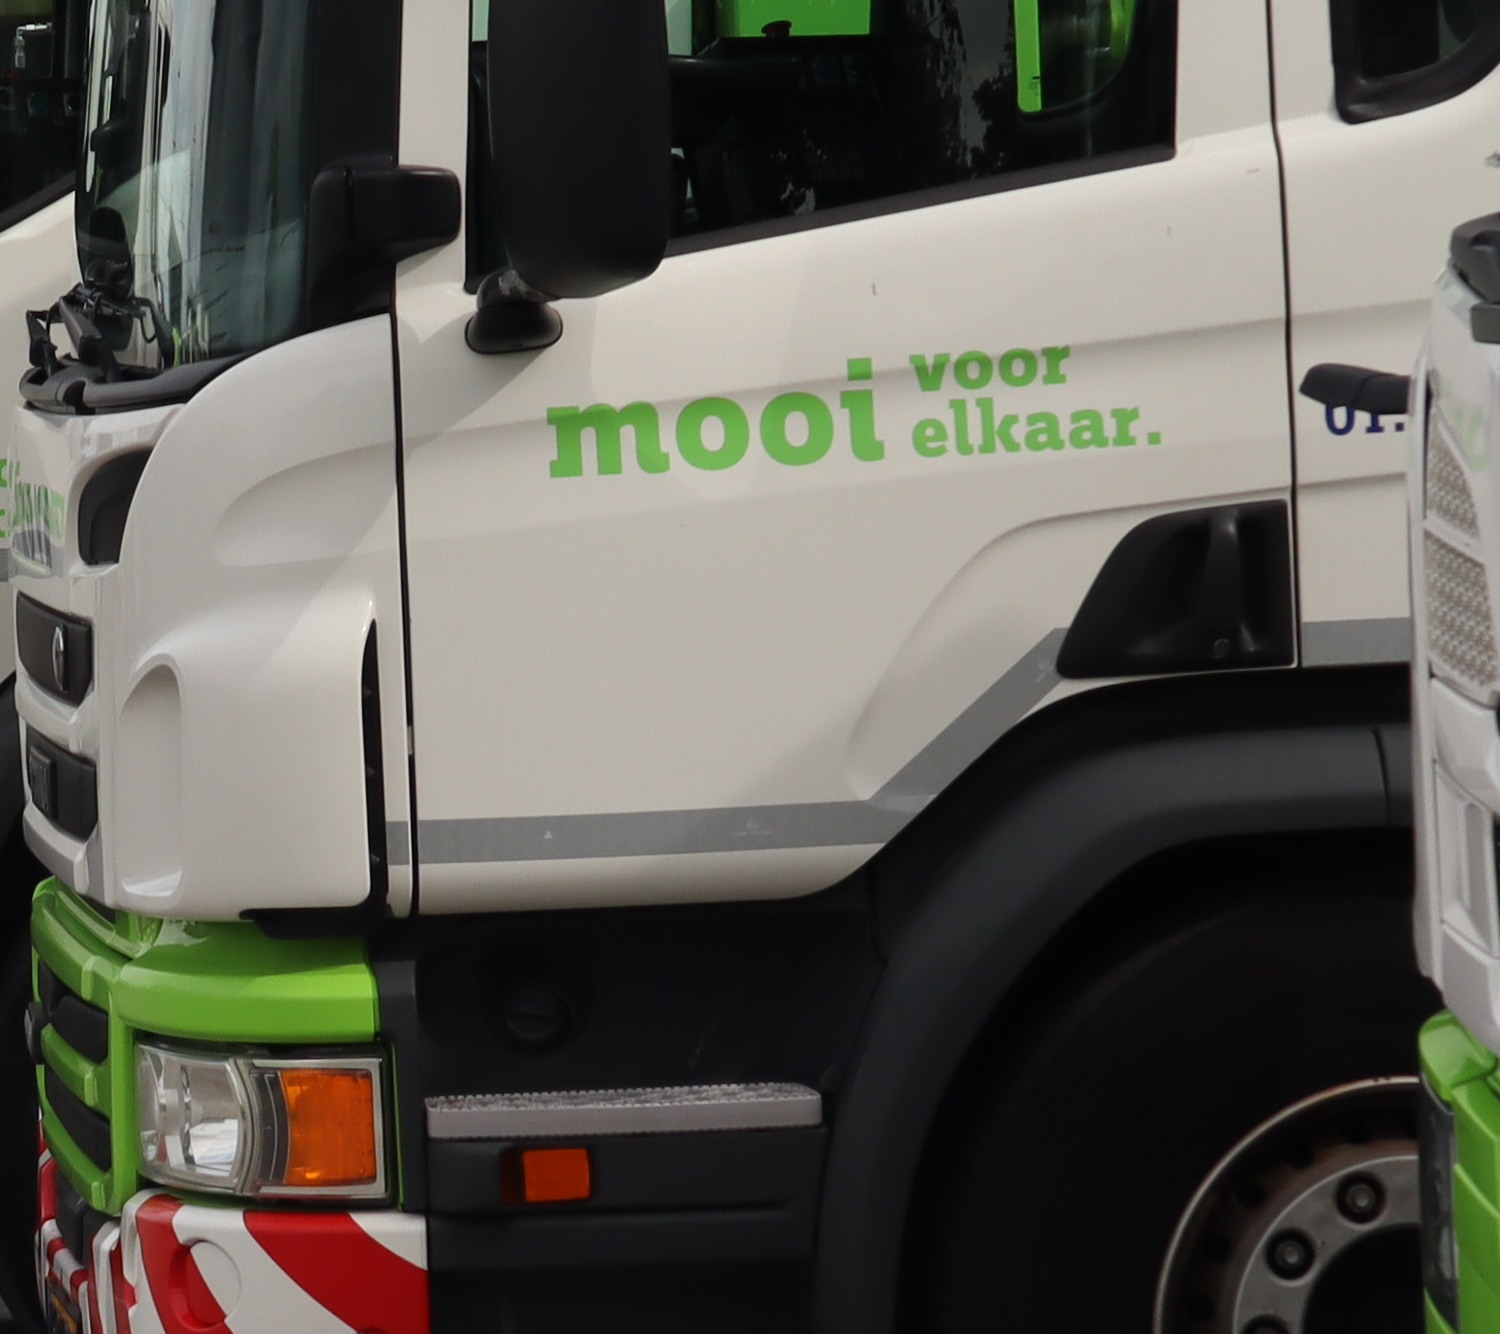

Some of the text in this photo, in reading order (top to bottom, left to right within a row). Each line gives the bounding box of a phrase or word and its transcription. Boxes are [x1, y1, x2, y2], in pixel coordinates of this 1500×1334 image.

[909, 344, 1071, 393] voor
[546, 357, 885, 479] mooi
[911, 397, 1162, 458] elkaar.
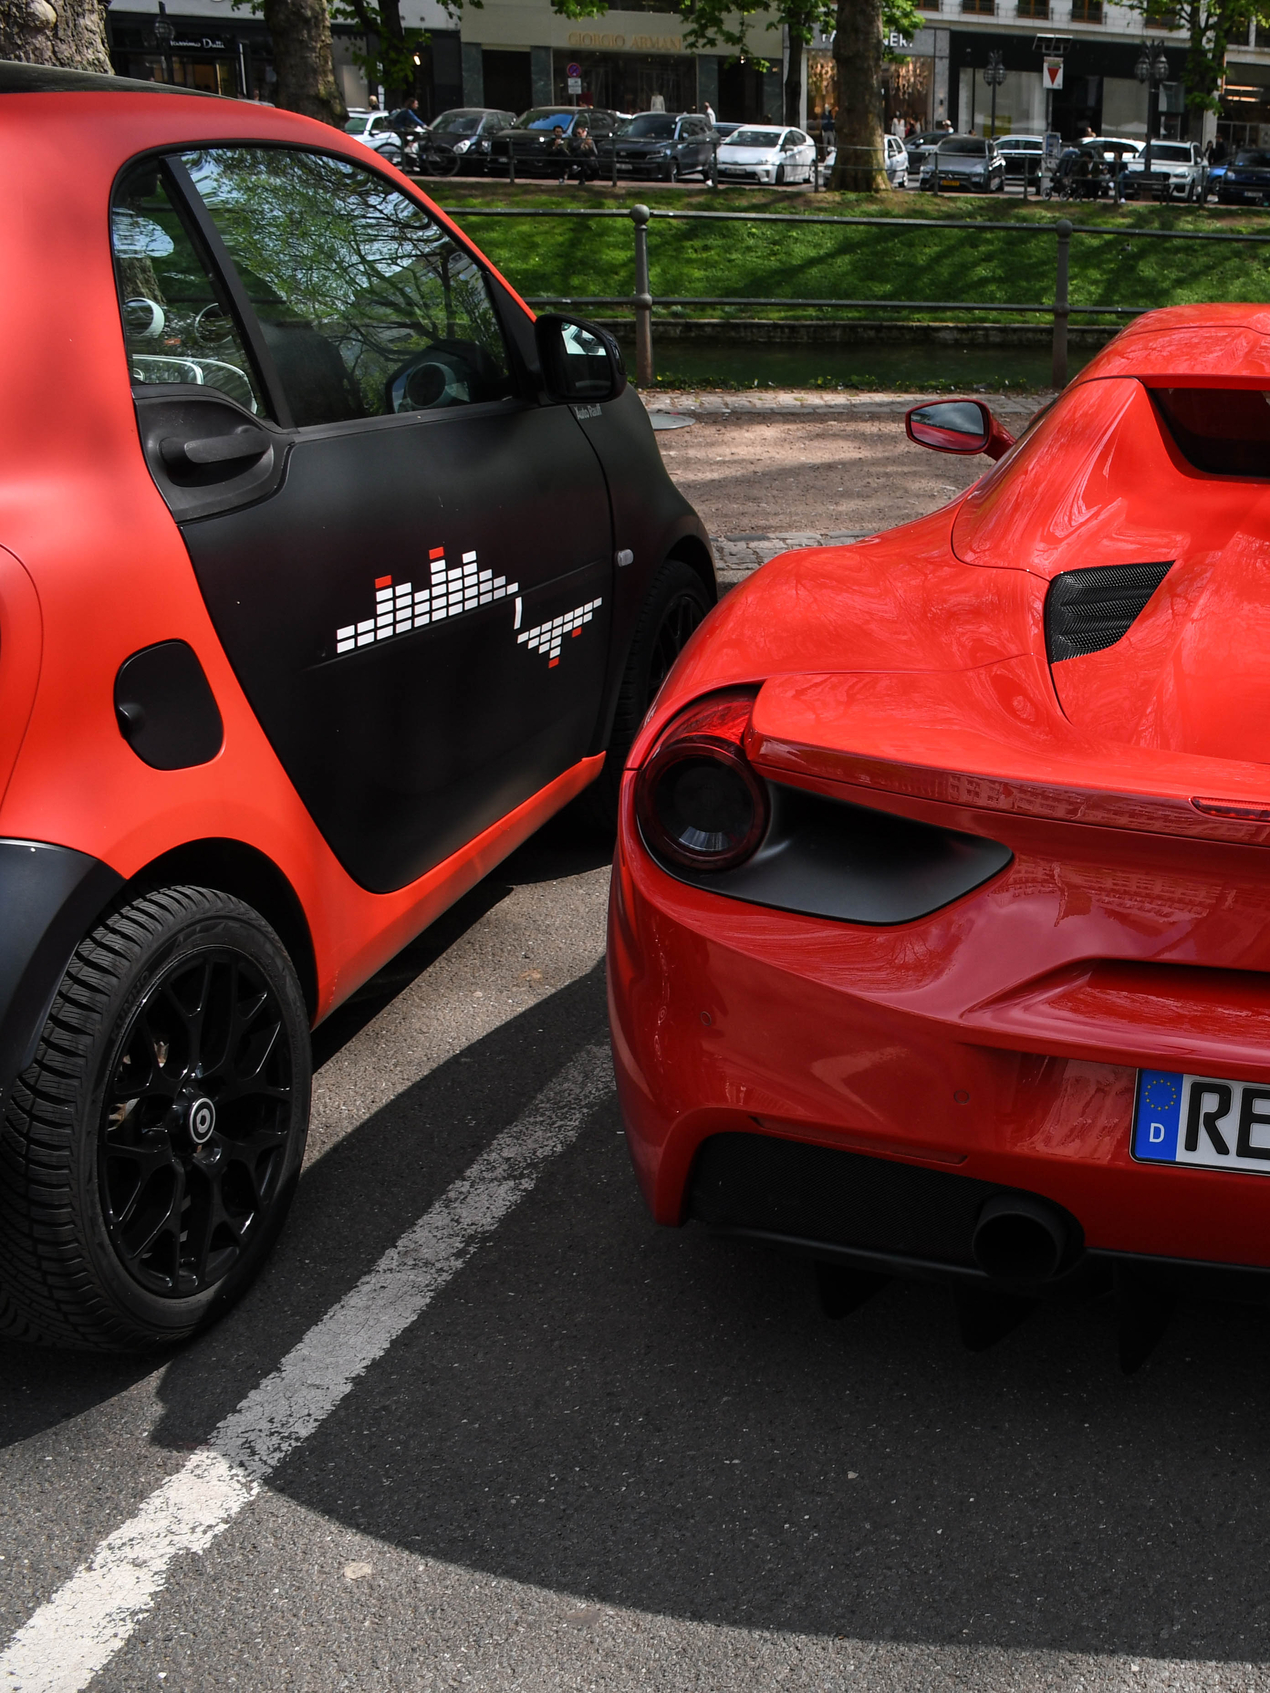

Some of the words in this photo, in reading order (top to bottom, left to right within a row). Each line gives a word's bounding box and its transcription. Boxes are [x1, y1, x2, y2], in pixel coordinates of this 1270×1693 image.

[170, 40, 201, 48] assimo
[202, 38, 226, 49] Dutti
[568, 31, 625, 47] GIORGIO
[629, 35, 681, 51] ARMANI
[1149, 1122, 1165, 1143] D
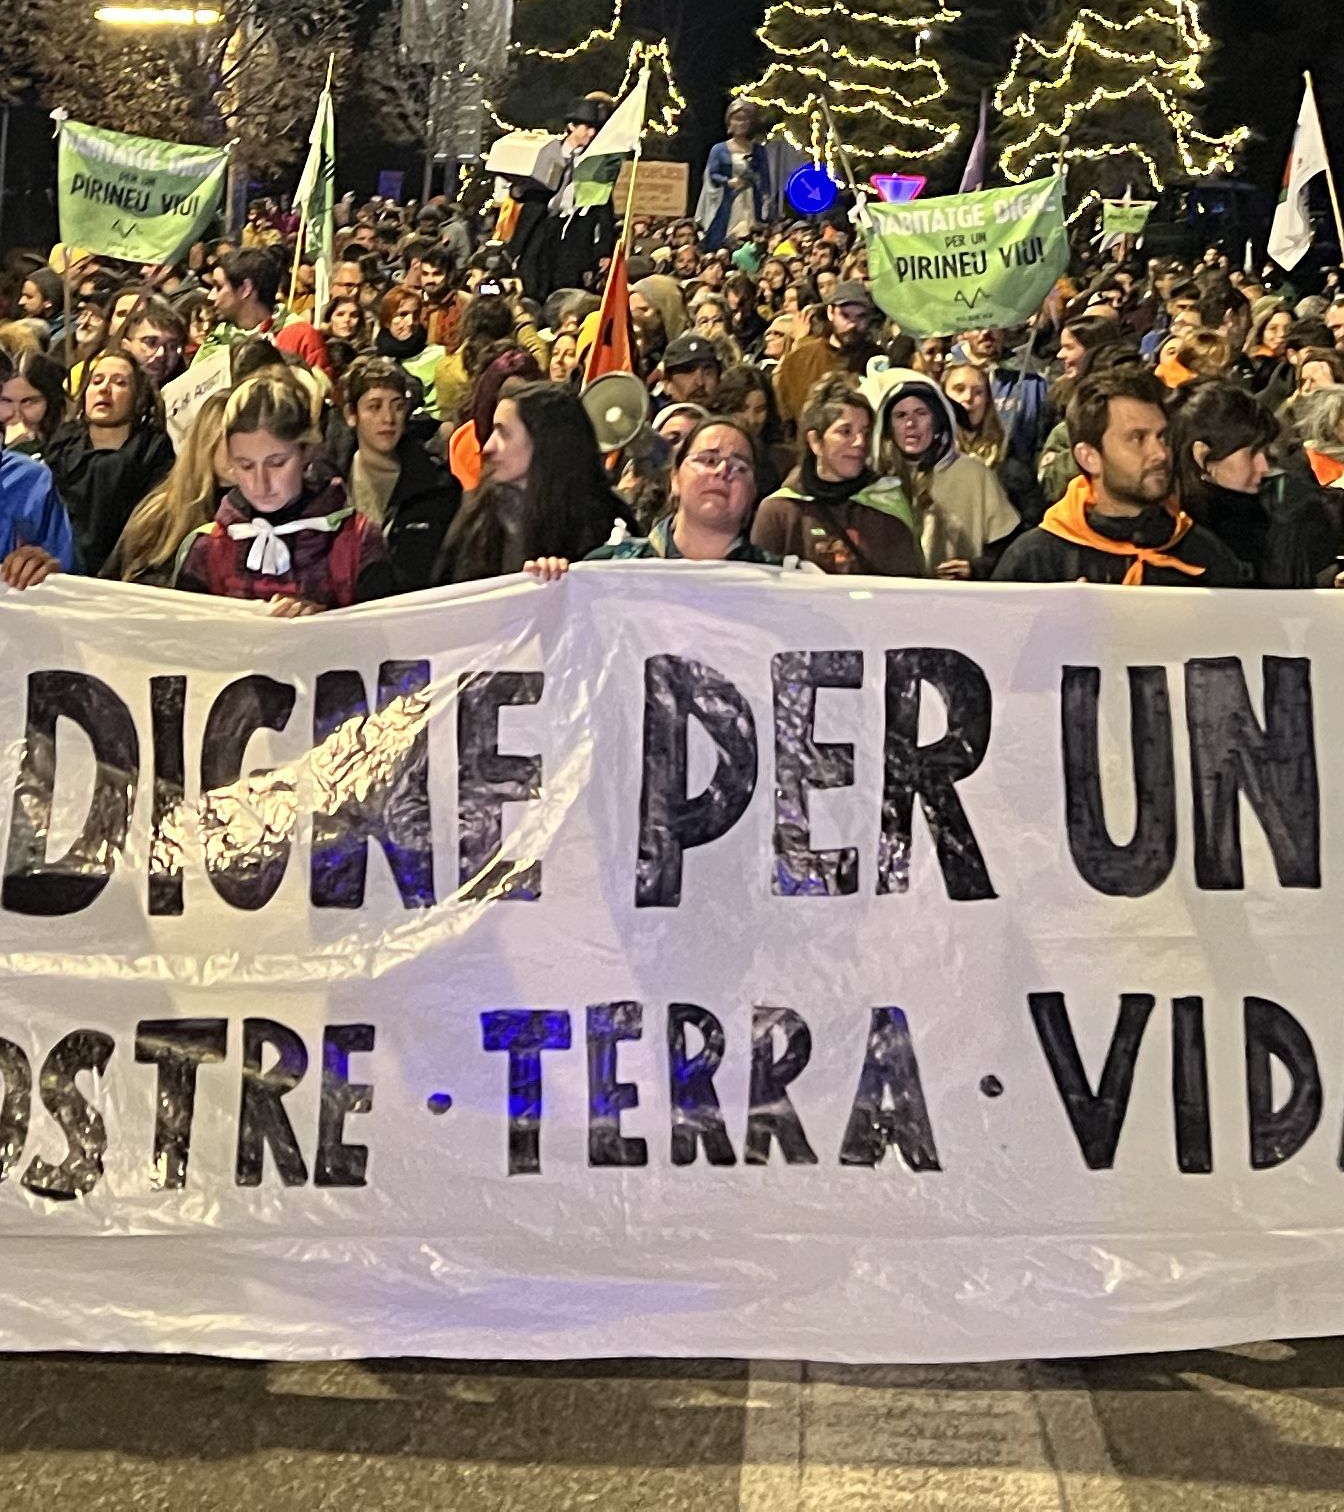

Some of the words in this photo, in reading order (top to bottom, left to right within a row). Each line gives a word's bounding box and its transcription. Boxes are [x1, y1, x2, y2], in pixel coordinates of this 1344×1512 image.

[70, 173, 151, 213] PIRINEU
[896, 250, 988, 283] PIRINEU
[999, 236, 1045, 269] VIU!
[945, 234, 966, 249] PER
[0, 659, 545, 917] DIGNE
[634, 647, 999, 909] PER
[1060, 654, 1323, 898] UN
[479, 1000, 943, 1177] TERRA

* * * *

(TASK STATEMENT)
Each of the entries above must be copied exactly, but the pictures stay out.

(TASK OUTPUT)
Some of the text in this photo, in reading order (top to bottom, left to right within a row). Each line gives the bounding box of a phrase or word and its transcription. Boxes are [x1, y1, x2, y2], in pixel coordinates of this 1500×1334 image.

[909, 344, 1071, 393] voor
[546, 357, 885, 479] mooi
[911, 397, 1162, 458] elkaar.

Some of the words in this photo, in reading order (top to bottom, left to right within a row). Each line gives a word's bounding box and its transcription. Boxes are [x1, y1, x2, y2], in pixel coordinates of this 1270×1693 image.

[170, 40, 201, 48] assimo
[202, 38, 226, 49] Dutti
[568, 31, 625, 47] GIORGIO
[629, 35, 681, 51] ARMANI
[1149, 1122, 1165, 1143] D

Some of the words in this photo, in reading order (top to bottom, left to right within a row). Each line gives a word's bounding box and its transcription. Boxes are [x1, y1, x2, y2], in pixel coordinates of this 1344×1512 image.

[70, 173, 151, 213] PIRINEU
[896, 250, 988, 283] PIRINEU
[999, 236, 1045, 269] VIU!
[945, 234, 966, 249] PER
[0, 659, 545, 917] DIGNE
[634, 647, 999, 909] PER
[1060, 654, 1323, 898] UN
[479, 1000, 943, 1177] TERRA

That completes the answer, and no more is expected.